◆ Task description ◆
Copy out all the entries word for word.

◆ Supplied data ◆
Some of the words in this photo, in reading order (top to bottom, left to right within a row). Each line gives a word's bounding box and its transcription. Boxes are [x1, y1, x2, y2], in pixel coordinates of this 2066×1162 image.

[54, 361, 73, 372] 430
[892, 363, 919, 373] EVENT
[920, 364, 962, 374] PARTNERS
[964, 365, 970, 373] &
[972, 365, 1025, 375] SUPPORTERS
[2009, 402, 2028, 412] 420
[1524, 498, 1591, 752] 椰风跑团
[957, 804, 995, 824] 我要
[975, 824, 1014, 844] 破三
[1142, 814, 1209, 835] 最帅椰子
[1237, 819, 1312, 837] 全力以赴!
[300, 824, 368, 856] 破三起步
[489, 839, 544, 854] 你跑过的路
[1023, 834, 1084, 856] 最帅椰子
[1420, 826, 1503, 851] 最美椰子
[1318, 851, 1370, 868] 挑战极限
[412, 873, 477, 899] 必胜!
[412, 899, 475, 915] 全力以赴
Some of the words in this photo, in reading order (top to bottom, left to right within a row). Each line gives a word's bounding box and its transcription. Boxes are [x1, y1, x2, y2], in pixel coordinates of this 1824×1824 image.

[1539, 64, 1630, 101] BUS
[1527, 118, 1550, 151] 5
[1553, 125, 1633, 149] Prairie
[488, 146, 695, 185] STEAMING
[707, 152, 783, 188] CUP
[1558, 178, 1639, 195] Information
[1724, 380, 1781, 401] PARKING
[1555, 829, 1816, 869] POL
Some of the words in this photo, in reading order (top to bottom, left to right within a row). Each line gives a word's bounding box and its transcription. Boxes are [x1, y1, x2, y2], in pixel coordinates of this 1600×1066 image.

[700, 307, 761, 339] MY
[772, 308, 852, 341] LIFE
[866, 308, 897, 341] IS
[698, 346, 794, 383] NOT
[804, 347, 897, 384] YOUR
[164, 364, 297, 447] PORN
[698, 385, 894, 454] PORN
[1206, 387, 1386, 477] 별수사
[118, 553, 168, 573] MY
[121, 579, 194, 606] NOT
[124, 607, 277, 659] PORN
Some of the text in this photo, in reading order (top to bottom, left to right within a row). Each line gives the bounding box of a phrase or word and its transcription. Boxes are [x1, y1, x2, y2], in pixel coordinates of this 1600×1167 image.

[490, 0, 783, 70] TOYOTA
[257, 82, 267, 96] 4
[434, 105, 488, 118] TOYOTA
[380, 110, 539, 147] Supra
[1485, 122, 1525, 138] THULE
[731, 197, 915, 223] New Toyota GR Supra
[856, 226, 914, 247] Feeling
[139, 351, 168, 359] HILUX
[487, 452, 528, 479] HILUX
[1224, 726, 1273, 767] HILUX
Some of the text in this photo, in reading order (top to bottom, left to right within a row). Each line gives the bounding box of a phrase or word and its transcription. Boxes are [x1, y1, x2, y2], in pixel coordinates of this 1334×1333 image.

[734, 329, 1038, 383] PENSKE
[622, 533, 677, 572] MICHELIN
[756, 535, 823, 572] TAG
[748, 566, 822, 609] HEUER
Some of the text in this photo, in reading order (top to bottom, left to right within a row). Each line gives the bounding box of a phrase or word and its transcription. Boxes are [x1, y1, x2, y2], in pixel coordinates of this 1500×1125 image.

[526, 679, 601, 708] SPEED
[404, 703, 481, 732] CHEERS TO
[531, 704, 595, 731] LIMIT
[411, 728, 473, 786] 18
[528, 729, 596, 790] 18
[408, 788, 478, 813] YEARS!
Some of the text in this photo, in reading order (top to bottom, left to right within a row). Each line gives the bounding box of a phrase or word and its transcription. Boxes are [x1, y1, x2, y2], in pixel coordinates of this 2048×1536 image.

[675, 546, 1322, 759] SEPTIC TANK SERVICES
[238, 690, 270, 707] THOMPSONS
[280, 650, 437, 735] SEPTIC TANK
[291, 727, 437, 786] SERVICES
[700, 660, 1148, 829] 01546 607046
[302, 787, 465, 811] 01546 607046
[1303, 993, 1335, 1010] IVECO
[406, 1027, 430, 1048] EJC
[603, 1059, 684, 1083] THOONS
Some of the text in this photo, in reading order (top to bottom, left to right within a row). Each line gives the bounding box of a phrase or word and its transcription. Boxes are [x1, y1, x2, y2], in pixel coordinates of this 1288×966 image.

◆ Response to this exercise ◆
Some of the words in this photo, in reading order (top to bottom, left to right within a row). Each line gives a word's bounding box and its transcription. Boxes are [x1, y1, x2, y2], in pixel coordinates of this 2066×1162 image.

[54, 361, 73, 372] 430
[892, 363, 919, 373] EVENT
[920, 364, 962, 374] PARTNERS
[964, 365, 970, 373] &
[972, 365, 1025, 375] SUPPORTERS
[2009, 402, 2028, 412] 420
[1524, 498, 1591, 752] 椰风跑团
[957, 804, 995, 824] 我要
[975, 824, 1014, 844] 破三
[1142, 814, 1209, 835] 最帅椰子
[1237, 819, 1312, 837] 全力以赴!
[300, 824, 368, 856] 破三起步
[489, 839, 544, 854] 你跑过的路
[1023, 834, 1084, 856] 最帅椰子
[1420, 826, 1503, 851] 最美椰子
[1318, 851, 1370, 868] 挑战极限
[412, 873, 477, 899] 必胜!
[412, 899, 475, 915] 全力以赴
Some of the words in this photo, in reading order (top to bottom, left to right within a row). Each line gives a word's bounding box and its transcription. Boxes are [x1, y1, x2, y2], in pixel coordinates of this 1824×1824 image.

[1539, 64, 1630, 101] BUS
[1527, 118, 1550, 151] 5
[1553, 125, 1633, 149] Prairie
[488, 146, 695, 185] STEAMING
[707, 152, 783, 188] CUP
[1558, 178, 1639, 195] Information
[1724, 380, 1781, 401] PARKING
[1555, 829, 1816, 869] POL
Some of the words in this photo, in reading order (top to bottom, left to right within a row). Each line gives a word's bounding box and its transcription. Boxes are [x1, y1, x2, y2], in pixel coordinates of this 1600×1066 image.

[700, 307, 761, 339] MY
[772, 308, 852, 341] LIFE
[866, 308, 897, 341] IS
[698, 346, 794, 383] NOT
[804, 347, 897, 384] YOUR
[164, 364, 297, 447] PORN
[698, 385, 894, 454] PORN
[1206, 387, 1386, 477] 별수사
[118, 553, 168, 573] MY
[121, 579, 194, 606] NOT
[124, 607, 277, 659] PORN
Some of the text in this photo, in reading order (top to bottom, left to right within a row). Each line gives the bounding box of a phrase or word and its transcription. Boxes are [x1, y1, x2, y2], in pixel coordinates of this 1600×1167 image.

[490, 0, 783, 70] TOYOTA
[257, 82, 267, 96] 4
[434, 105, 488, 118] TOYOTA
[380, 110, 539, 147] Supra
[1485, 122, 1525, 138] THULE
[731, 197, 915, 223] New Toyota GR Supra
[856, 226, 914, 247] Feeling
[139, 351, 168, 359] HILUX
[487, 452, 528, 479] HILUX
[1224, 726, 1273, 767] HILUX
Some of the text in this photo, in reading order (top to bottom, left to right within a row). Each line gives the bounding box of a phrase or word and its transcription. Boxes are [x1, y1, x2, y2], in pixel coordinates of this 1334×1333 image.

[734, 329, 1038, 383] PENSKE
[622, 533, 677, 572] MICHELIN
[756, 535, 823, 572] TAG
[748, 566, 822, 609] HEUER
Some of the text in this photo, in reading order (top to bottom, left to right within a row). Each line gives the bounding box of a phrase or word and its transcription. Boxes are [x1, y1, x2, y2], in pixel coordinates of this 1500×1125 image.

[526, 679, 601, 708] SPEED
[404, 703, 481, 732] CHEERS TO
[531, 704, 595, 731] LIMIT
[411, 728, 473, 786] 18
[528, 729, 596, 790] 18
[408, 788, 478, 813] YEARS!
Some of the text in this photo, in reading order (top to bottom, left to right within a row). Each line gives the bounding box of a phrase or word and its transcription. Boxes are [x1, y1, x2, y2], in pixel coordinates of this 2048×1536 image.

[675, 546, 1322, 759] SEPTIC TANK SERVICES
[238, 690, 270, 707] THOMPSONS
[280, 650, 437, 735] SEPTIC TANK
[291, 727, 437, 786] SERVICES
[700, 660, 1148, 829] 01546 607046
[302, 787, 465, 811] 01546 607046
[1303, 993, 1335, 1010] IVECO
[406, 1027, 430, 1048] EJC
[603, 1059, 684, 1083] THOONS
Some of the text in this photo, in reading order (top to bottom, left to right within a row). Each line gives the bounding box of a phrase or word and its transcription. Boxes are [x1, y1, x2, y2], in pixel coordinates of this 1288×966 image.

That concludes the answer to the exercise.